Lessons learned from loading a search engine with onscreen language from 87,000 movies and TV shows. Think Google ngram, but for screenplays. Some striking results. References to "global warming" and "climate change" have plummeted since 2008. Swearing on television has declined recently, due in part perhaps to the ending of Wild West series Deadwood, where the word "f-king" was spoken more often than "of" (1,320 words)

The Case For Open Borders

Dylan Matthews | Vox | 13th September 2014

Interview with libertarian economist Bryan Caplan. "Open borders allow people to move from the parts of the world where their labor pretty much goes to waste, to places where their skills can shine. The difference between the productivity of labor in poor countries and rich countries is so vast, it’s hard to wrap your mind around it.
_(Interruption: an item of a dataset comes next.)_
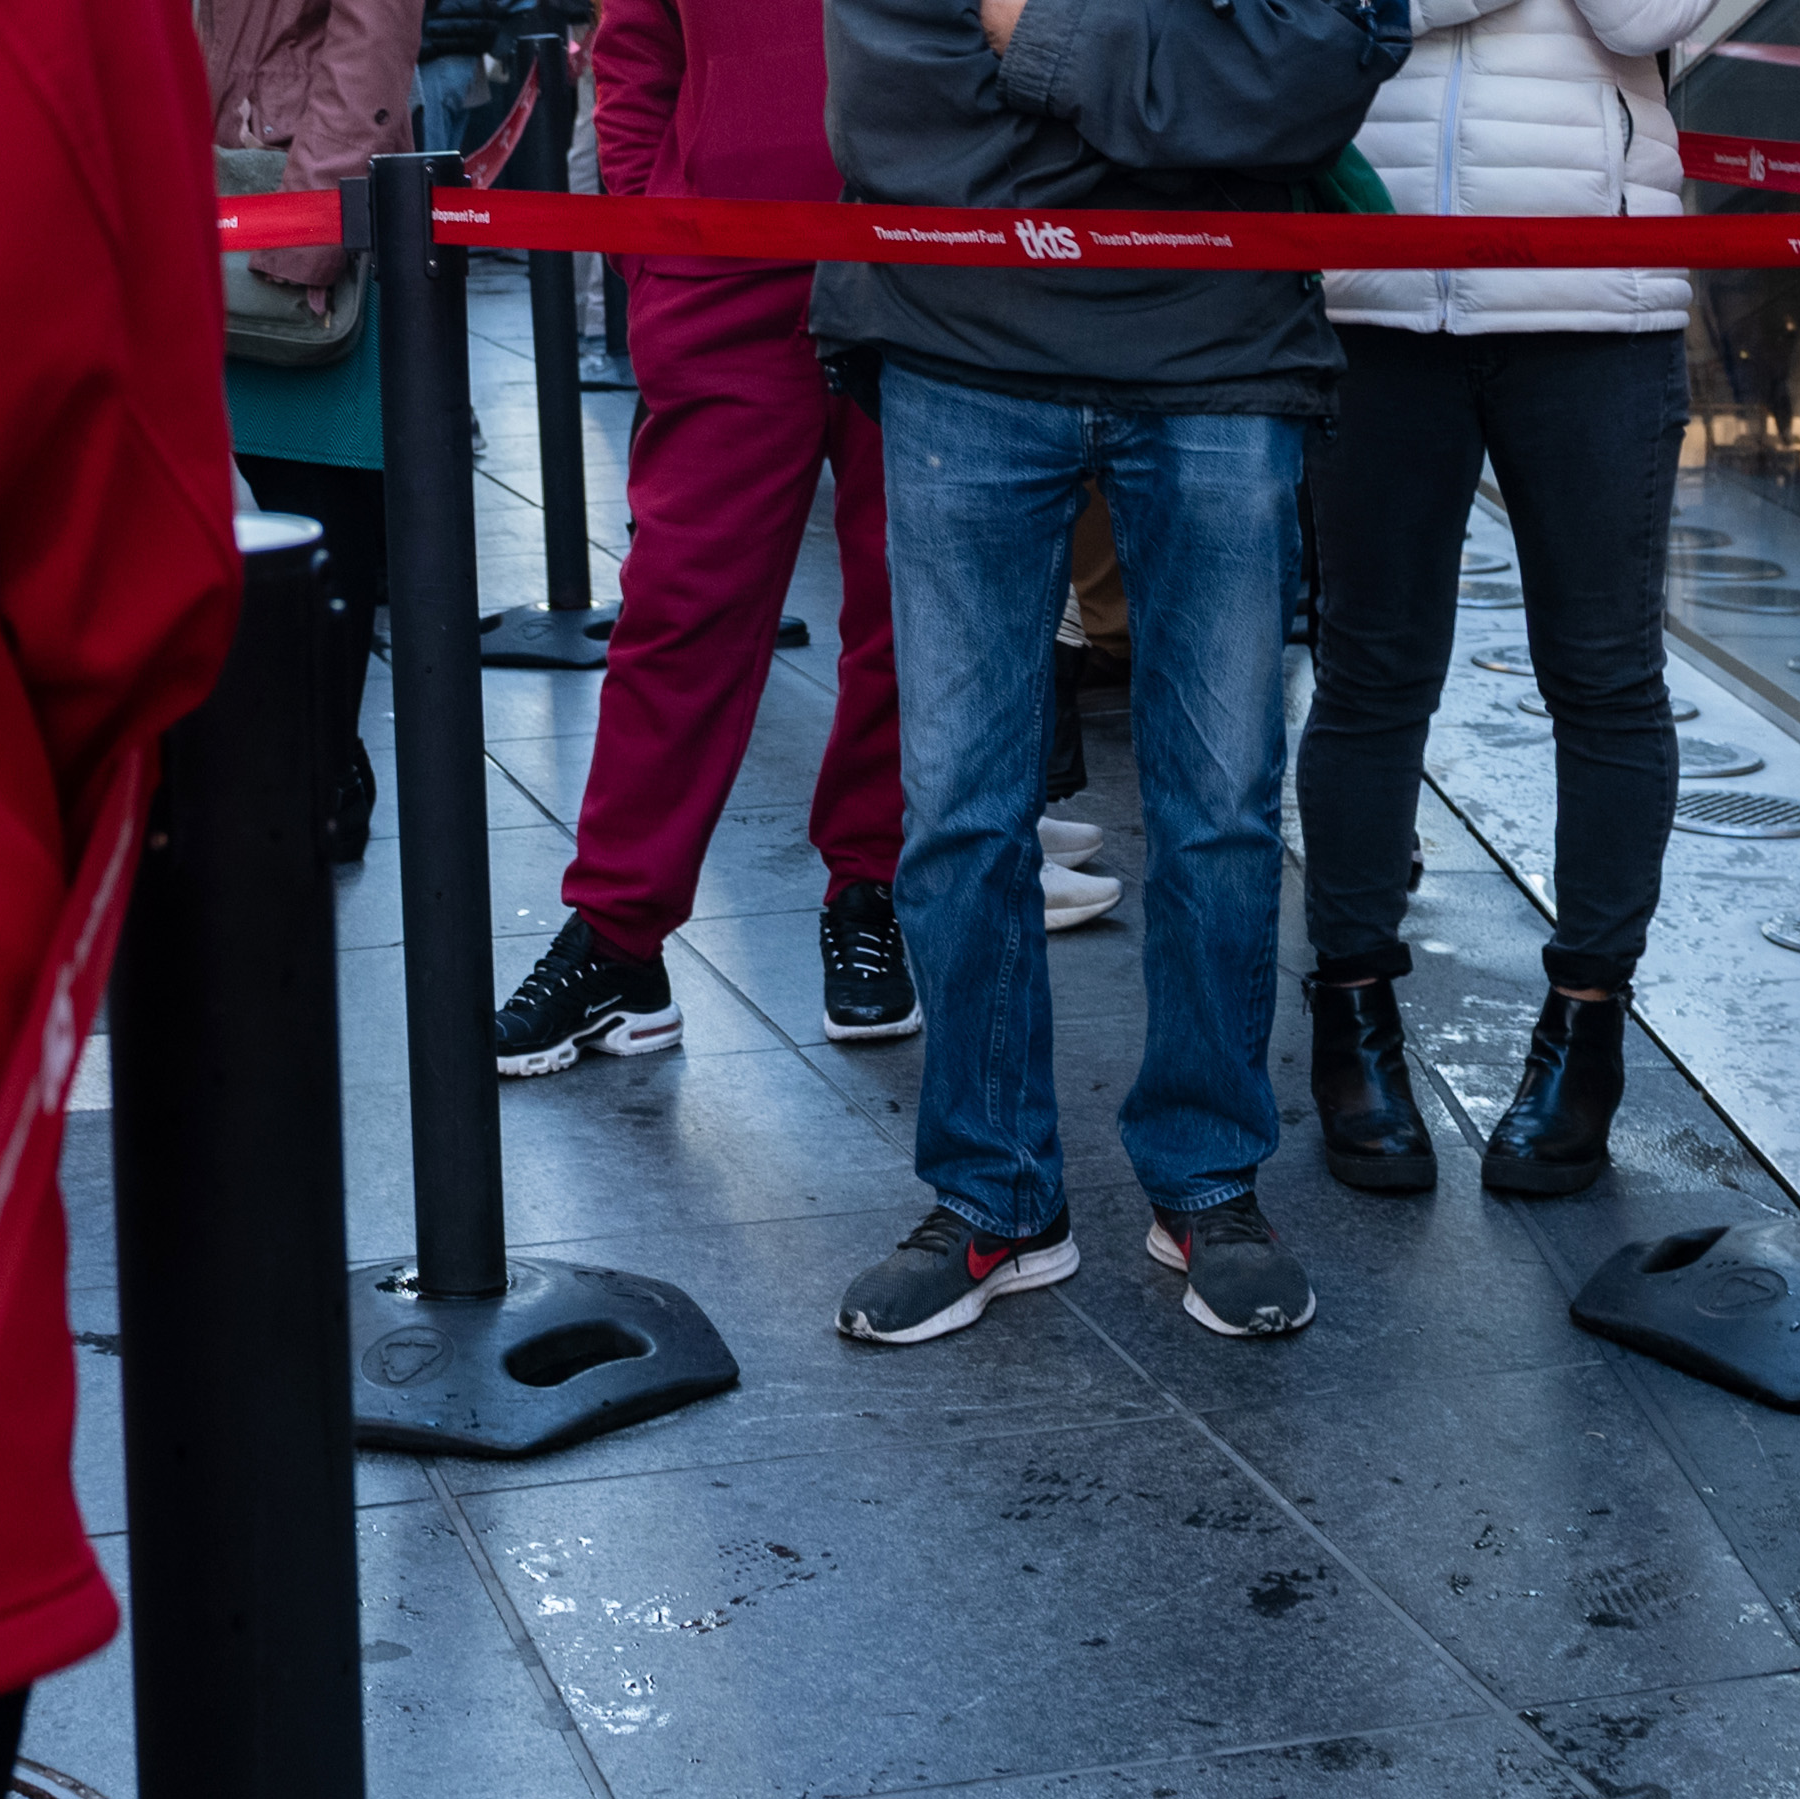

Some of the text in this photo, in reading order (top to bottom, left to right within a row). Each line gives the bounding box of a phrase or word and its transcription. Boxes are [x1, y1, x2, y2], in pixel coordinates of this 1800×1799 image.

This isn’t just trickle-down economics. It’s Niagara Falls economics" (6,690 words)

Runs In The Family

David Papineau | Aeon | 15th September 2014

Assessing the relative weight of nature versus nurture in sporting ability, especially in cricket, where family dynasties abound. "While there are a few notable football clans — the Charltons and the Ferdinands spring to mind — there is nothing like the rampant familiality found in cricket. Why is that? At first sight it might seem to argue that cricket is more genetic. But I think that’s exactly the wrong conclusion" (3,000 words)

The Plus Side

Lizzie Widdicombe | New Yorker | 15th September 2014

The puzzle of plus-sized clothing. Demand is huge: the average American woman wears size 14, up from size 8 twenty years ago. But the fashion industry keeps its distance. Popular brands including Calvin Klein and Ralph Lauren make plus-size lines that are sold in stores but don't get advertised. Why no “Zara for plus size”, selling expensive-looking clothes at affordable prices with styles that turn over quickly? (6,890 words)

A Better Nation

Stephen Phelan | Boston Review | 14th September 2014

Generous, beguiling, even lyrical portrait of Scotland on the eve of the independence vote. "We have a different legal system, a different education system, a different church. Our buildings look different, and it even smells different here, when you get off the train or plane from London and start inhaling that colder air. And of course we have a different sense of humor, which is very dark, absurd, and whimsical" (6,460 words)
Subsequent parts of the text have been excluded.